[Provided data — start]
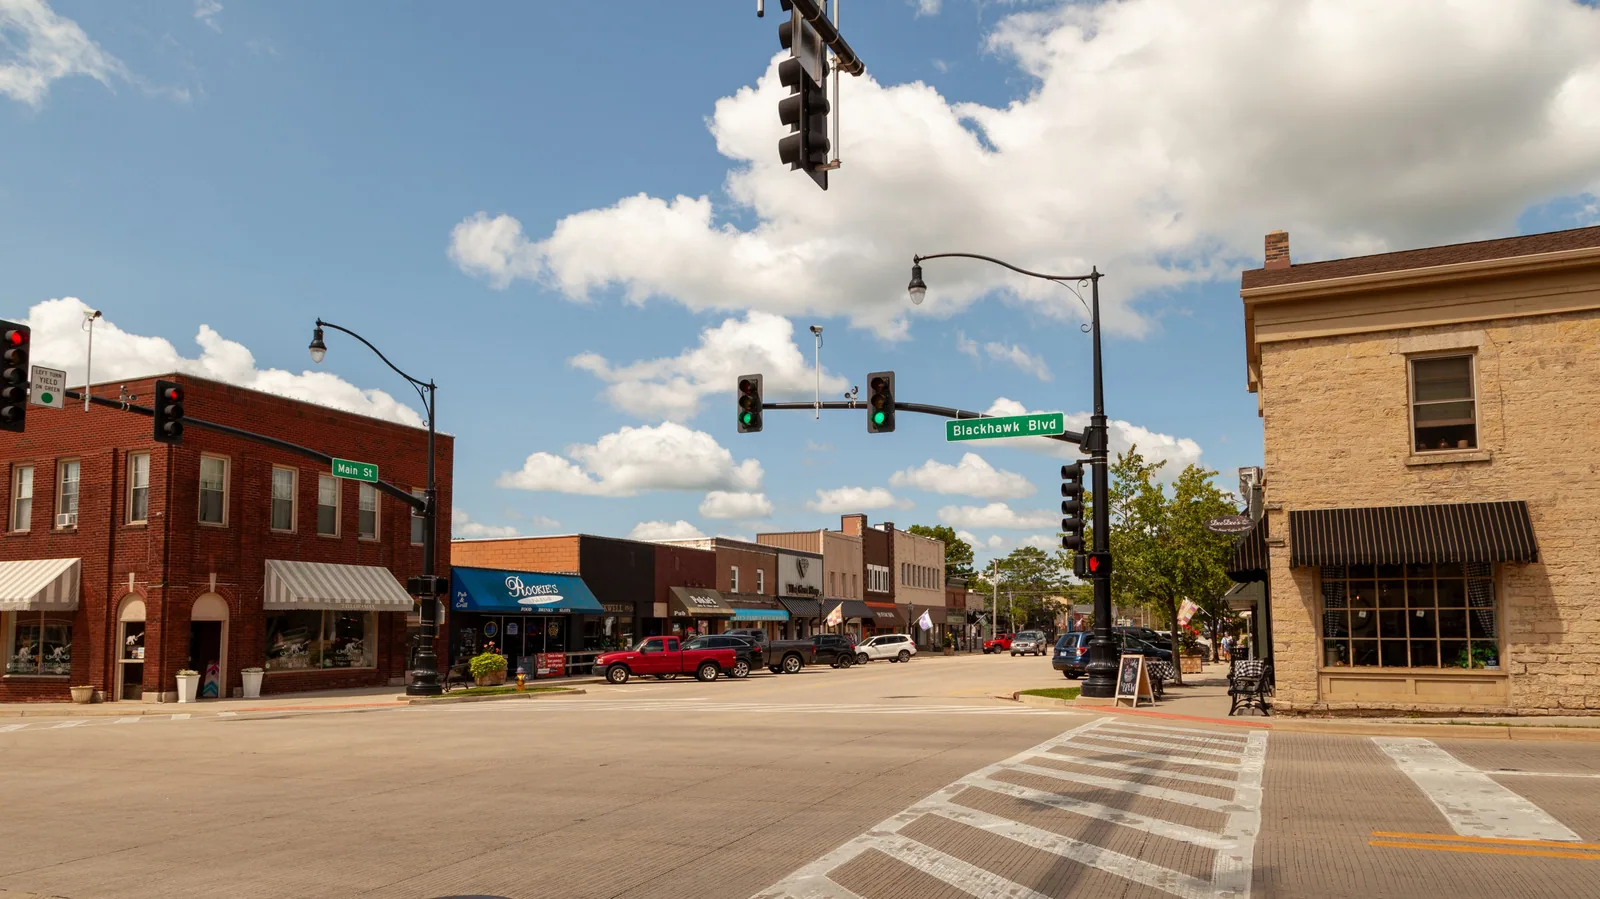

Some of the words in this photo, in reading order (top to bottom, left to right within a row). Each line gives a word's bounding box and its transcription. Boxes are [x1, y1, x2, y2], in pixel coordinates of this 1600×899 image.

[50, 371, 62, 379] TURN
[40, 377, 58, 385] YIELD
[953, 421, 1020, 437] Blackhawk
[1028, 419, 1056, 431] Blvd
[338, 463, 358, 475] Main
[363, 467, 373, 478] St
[Provided data — finish]
§ **Task prompt**:
The full listing must come back exactly as written, with its pictures left out.

§ **Output of the exercise**:
Some of the words in this photo, in reading order (top to bottom, left to right within a row). Each line gives a word's bounding box and its transcription. Boxes are [x1, y1, x2, y2], in pixel coordinates of this 1600×899 image.

[50, 371, 62, 379] TURN
[40, 377, 58, 385] YIELD
[953, 421, 1020, 437] Blackhawk
[1028, 419, 1056, 431] Blvd
[338, 463, 358, 475] Main
[363, 467, 373, 478] St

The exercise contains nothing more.